Jock Zonfrillo of Adelaide restaurant Orana has won this year’s Basque Culinary World Prize out of a field that included Peruvian chef Virgilio Martínez, Marc Puig-Pey of El Bulli fame and Norway’s Heidi Bjerkan. The prize of €100,000 acknowledges chefs who work for positive change beyond their kitchens through projects involving research, entrepreneurship, education and more.
“It was so amazing to be amongst those nine other finalists who are, many of them, friends and also people I admire very much,” Zonfrillo says. “Just being a finalist I was a winner.”
Zonfrillo’s restaurant Orana, which opened in 2013, has been at the forefront of the renewed interest in Australia’s Indigenous culinary history, taking home GT‘s Restaurant of the Year award in August 2017 for not only its menu that features hundreds of native ingredients each year, but also for the work of the Orana Foundation. The Foundation promotes Australia’s first peoples and their knowledge of the land through research with the University of Adelaide which will eventually result in an online native-food database and economic development initiatives that benefit Indigenous communities.

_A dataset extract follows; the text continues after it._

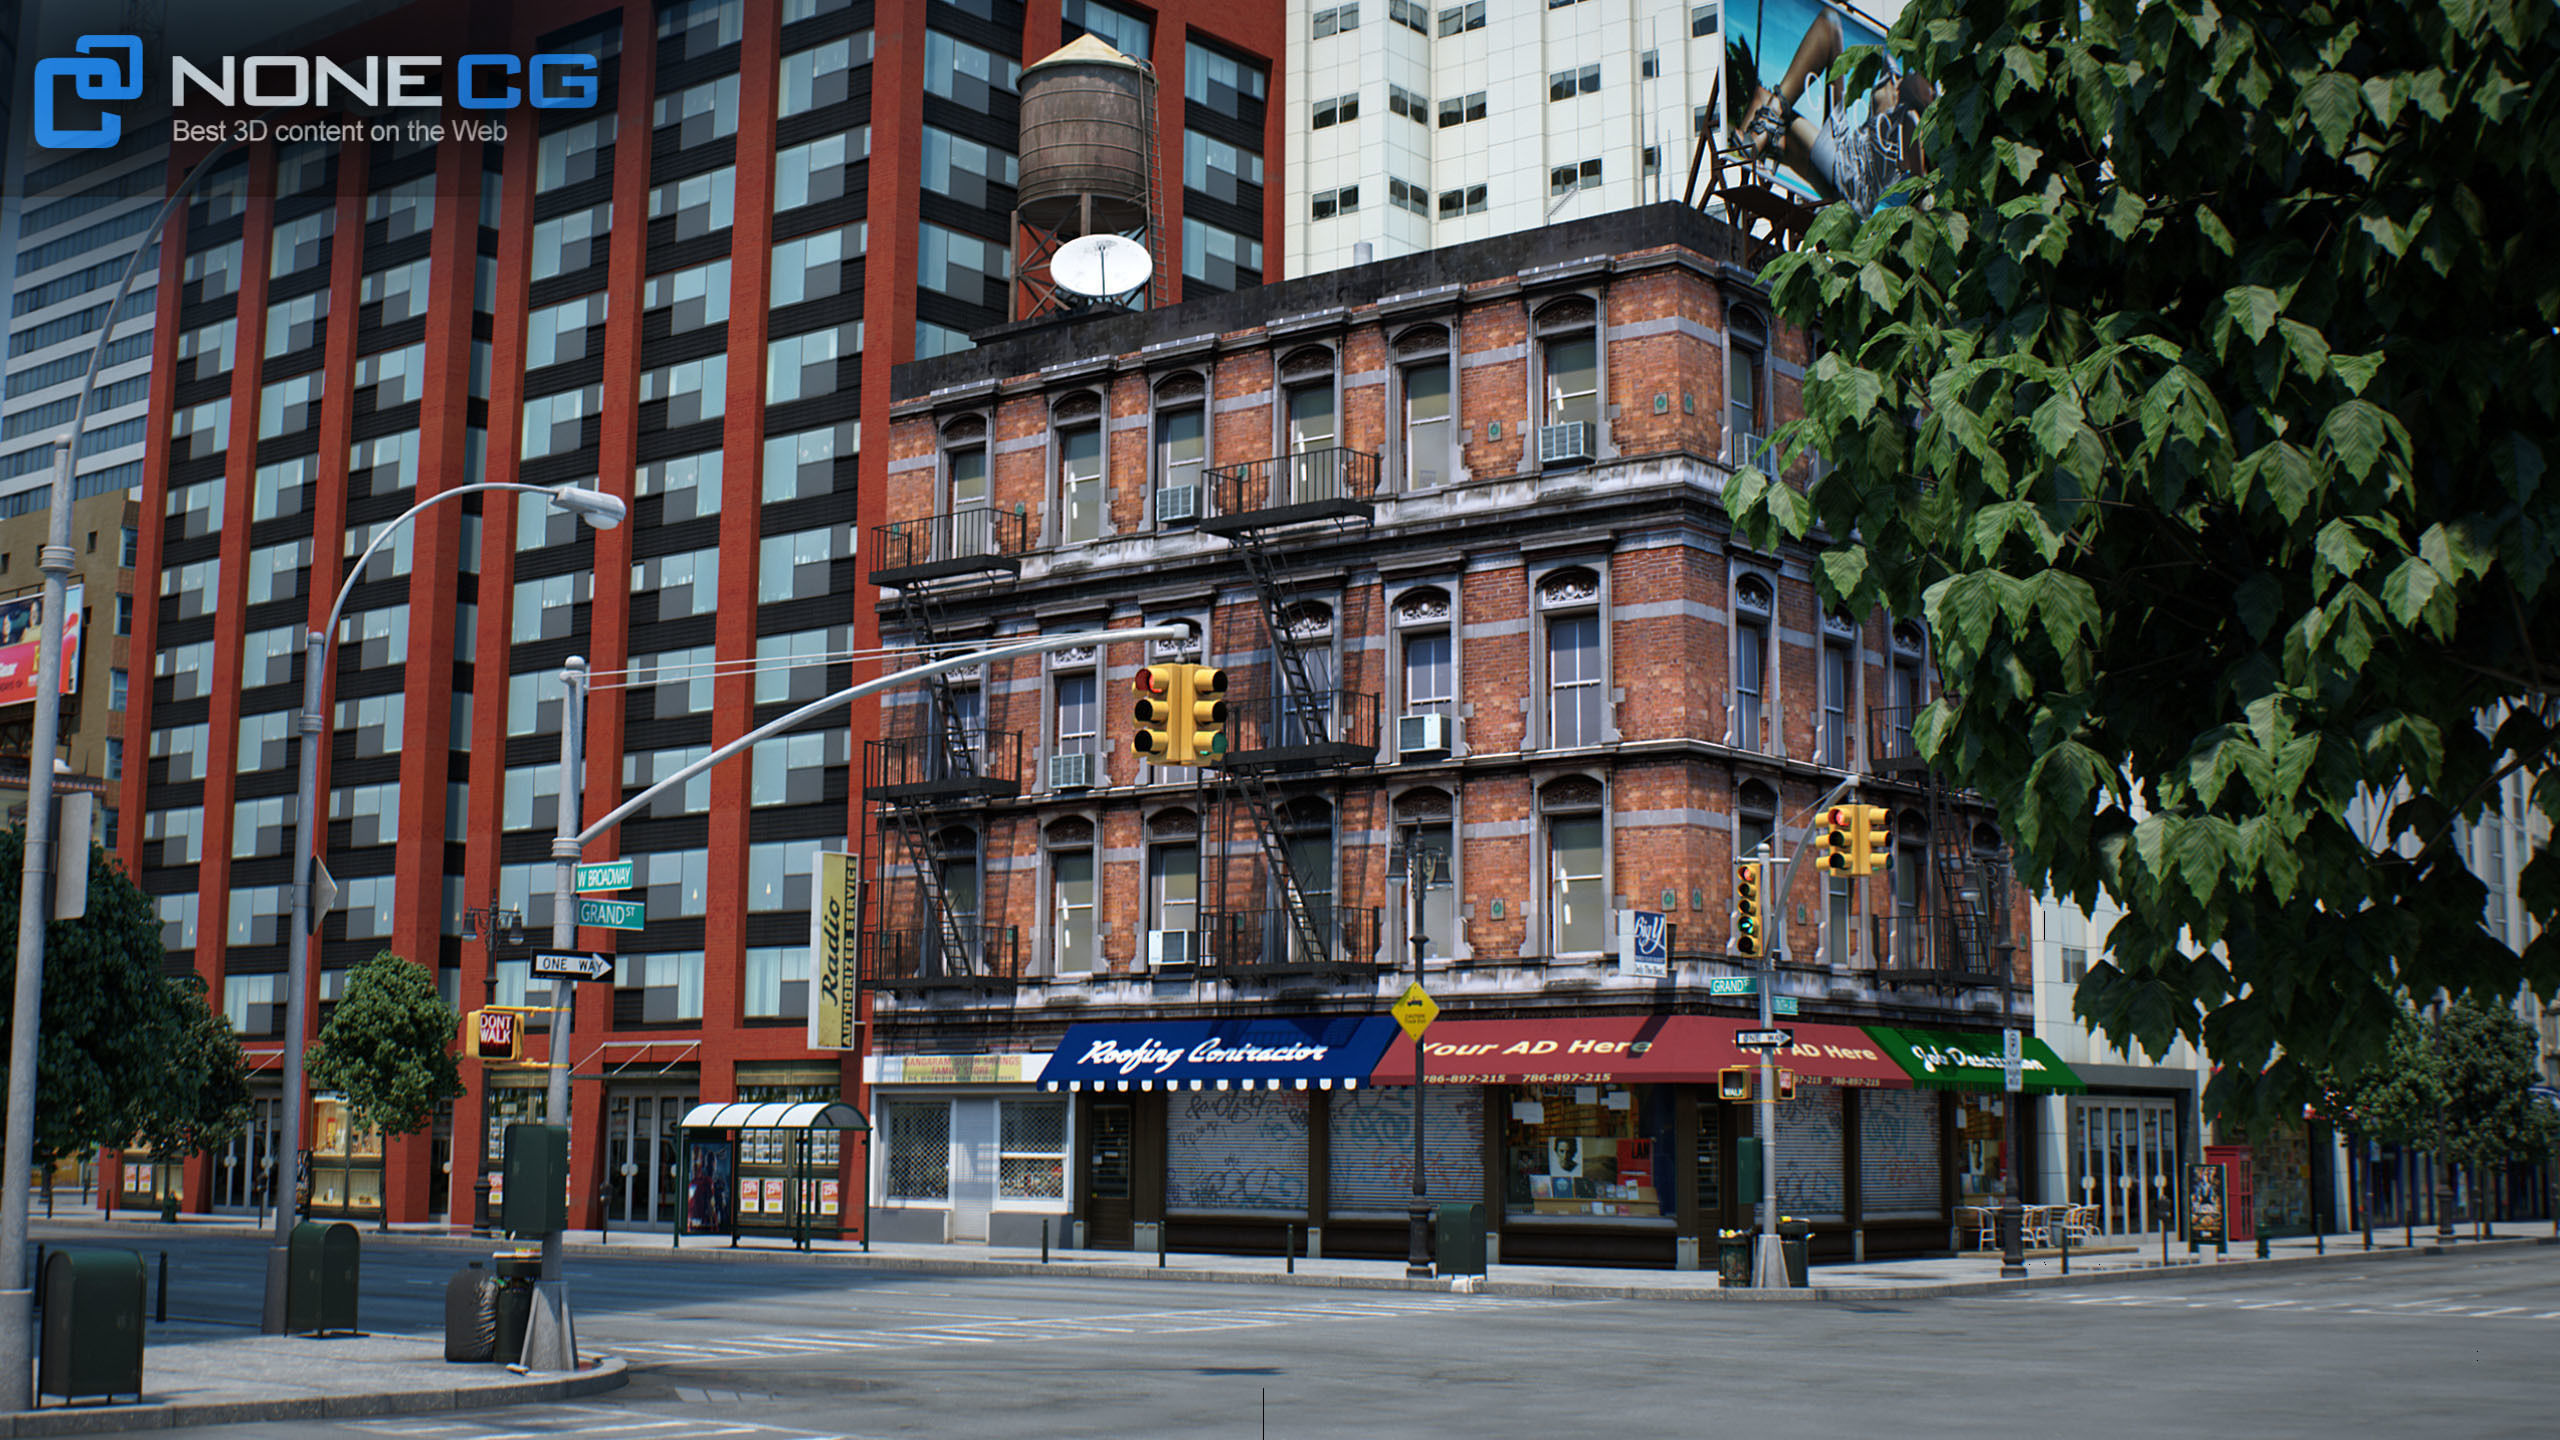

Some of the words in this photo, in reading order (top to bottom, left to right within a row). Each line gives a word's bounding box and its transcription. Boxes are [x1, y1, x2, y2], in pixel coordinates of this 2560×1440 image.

Chair of the Prize Jury, Spanish chef Joan Roca, acknowledged the 15-plus years Zonfrillo has spent learning about Australia’s Indigenous communities and foodways since emigrating from Scotland in 2000.
“Through the identification of ingredients and traditions and his commitment to transforming the knowledge of these people into development opportunities, Zonfrillo sows the seeds for a better future,” he said. “His work is inspiring and has a multiplier effect.”
Zonfrillo says he’ll be discussing how to use the prize money with his team at the Orana Foundation, considering all their current projects and looking for one that will both benefit Indigenous communities and have a lasting effect.
Among the nine finalists for this year’s Basque Culinary World Prize were chefs leading social enterprises, such as Ebru Baybara Demir and her Harran Gastronomy School which employs and trains Syrian and Turkish women in the border regions of Turkey, others championing zero-waste practices, and those working to create employment opportunities for marginalised groups or make restricted diets both healthier and tastier.
The prize, established in 2016 by the Basque Culinary Centre and the Basque Government, is awarded by a jury which this year included the likes of Massimo Bottura, Dominique Crenn, Ruth Reichl and Yoshihiro Narisawa. Previous winners are Colombian chef Leonor Espinosa for her profiling of the knowledge of indigenous and Afro-Colombian peoples through the Funleo Foundation and Maria Fernanda Di Giacobbe, a champion of fair-trade and gender equality in Venezuela’s cacao industry.
“Global awards like these are very significant,” Zonfrillo says. “Certainly at times like this it’s a little reminder that the work we’re doing in the Foundation is very important and worthy of global attention.”